The AI coding assistant revolution has created a paradox for developers: we have unprecedented access to world-class language models through tools like Claude Code, OpenAI Codex, Cursor, and GitHub Copilot — but managing subscriptions, quotas, and rate limits across multiple platforms is becoming increasingly expensive and frustrating. Many developers find themselves burning through their Claude Pro monthly quota within two weeks, only to stare at rate-limit walls while trying to meet sprint deadlines.
Enter 9Router — an open-source smart proxy and token management system that eliminates this pain entirely. With over 6,900 GitHub stars, 1,200+ forks, and rapid community growth, 9Router has emerged as the go-to solution for developers who want maximum AI capability without paying for unnecessary premium tiers. Built on Node.js 20+ with Next.js 16 and React 19, it provides a unified interface that routes your AI coding requests across 40+ providers using intelligent fallback logic and powerful token-saving compression.

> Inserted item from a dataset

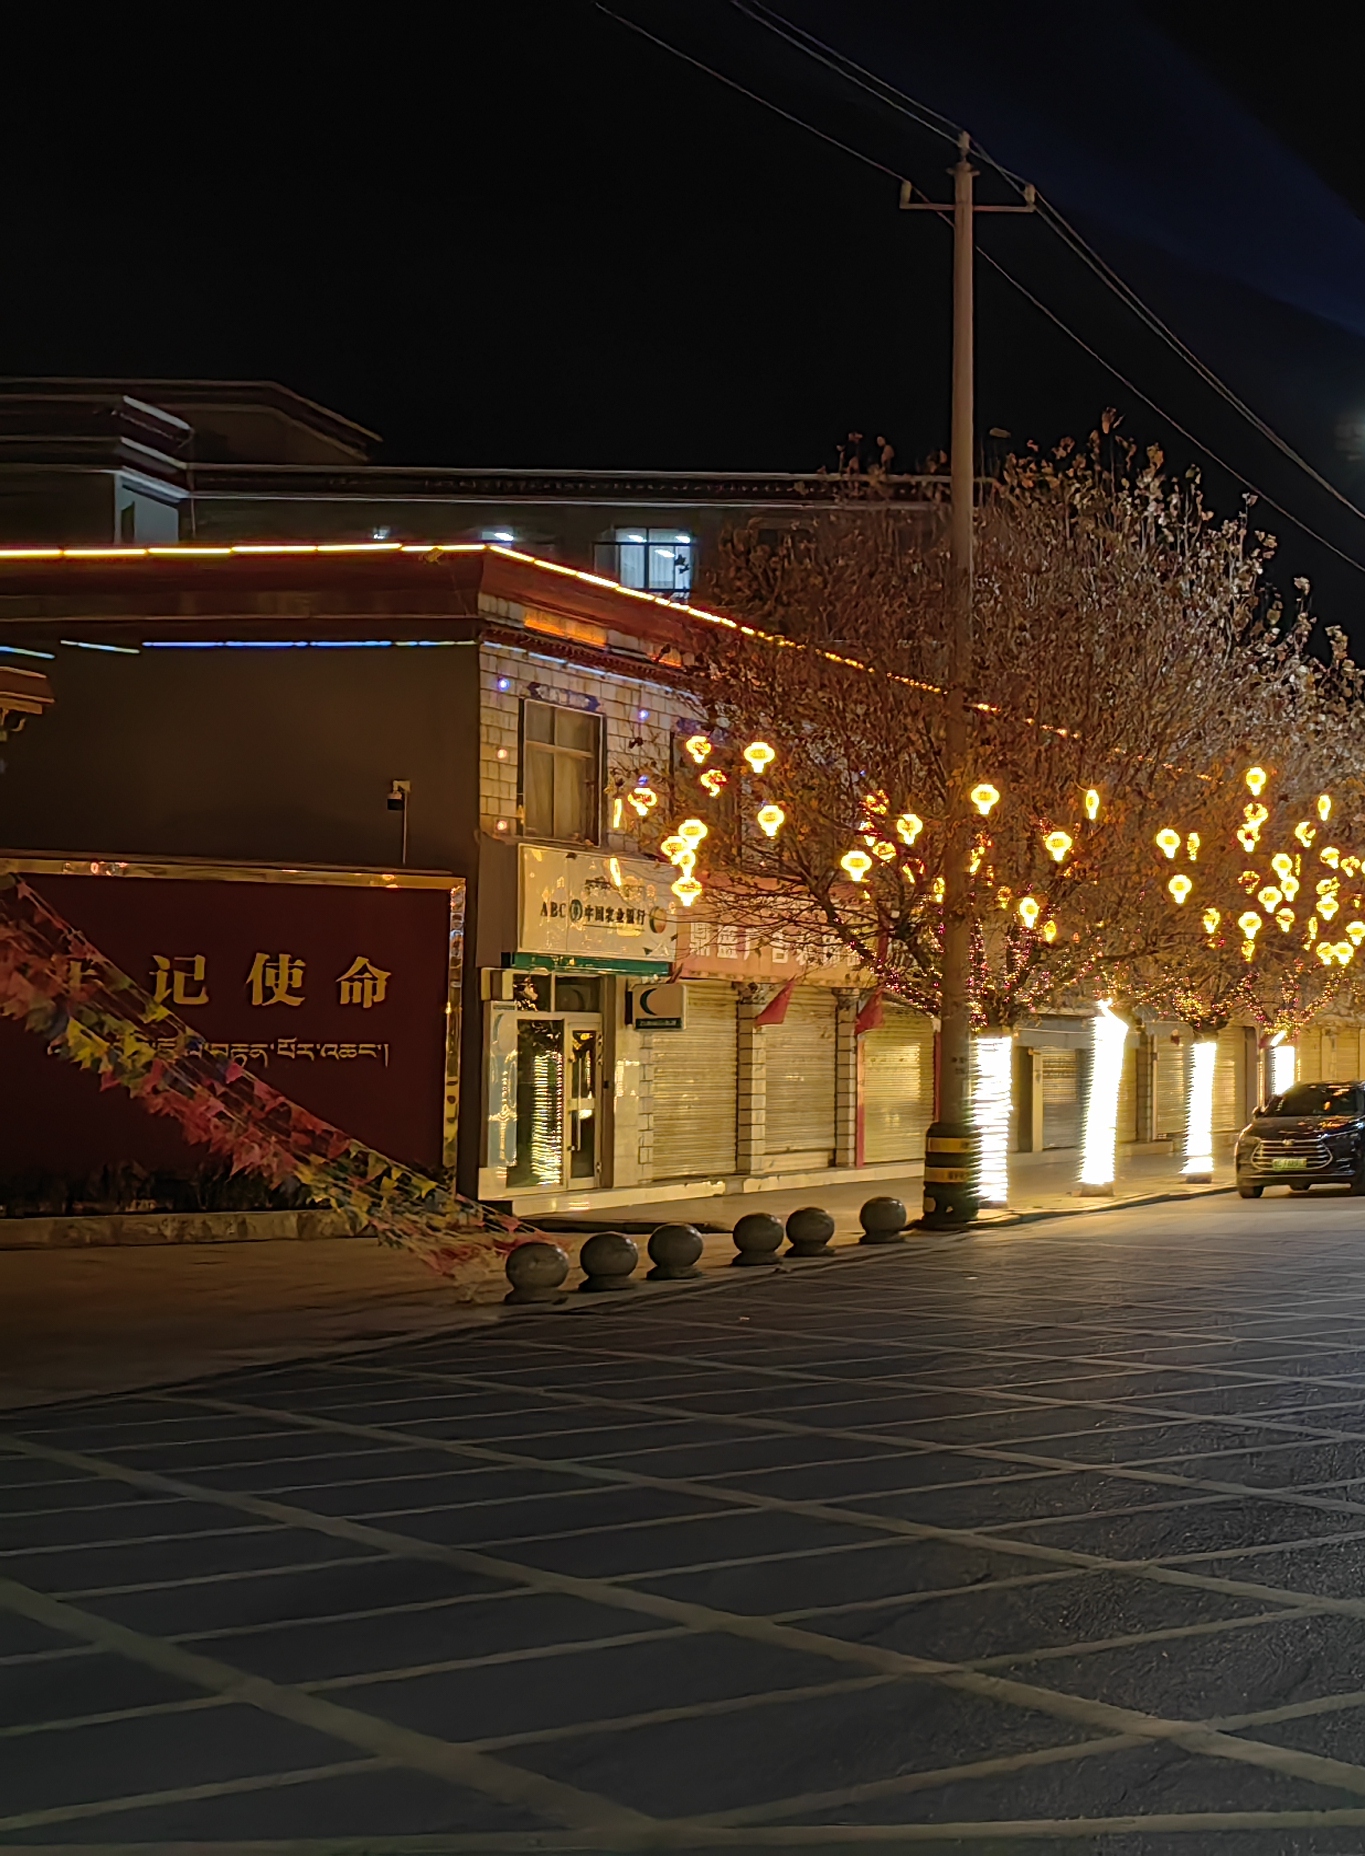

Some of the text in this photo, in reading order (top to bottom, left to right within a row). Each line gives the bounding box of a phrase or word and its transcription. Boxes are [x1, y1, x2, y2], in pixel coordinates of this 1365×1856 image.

[540, 901, 567, 919] ABC
[584, 904, 646, 926] 中国农业银行

What Is 9Router and How Does It Work?
9Router is a locally-hosted intermediary service (running on localhost:20128 by default) that sits between your AI coding tool and the underlying model provider. Instead of sending API requests directly to Claude, OpenAI, or any single provider, your tool talks to 9Router — which then intelligently decides which backend provider to route the request to.
This architecture gives you three major advantages:
- Multi-provider access from one place: Configure Claude, Gemini, GLM, MiniMax, Kiro, OpenCode, Vertex AI, and 40+ other providers in a single dashboard. Your CLI tools send requests to localhost; 9Router handles the rest.
- Automatic fallback: When your primary provider hits a quota limit or experiences downtime, 9Router seamlessly switches to the next tier — whether that’s a cheap backup provider or a completely free option. Zero interruptions to your workflow.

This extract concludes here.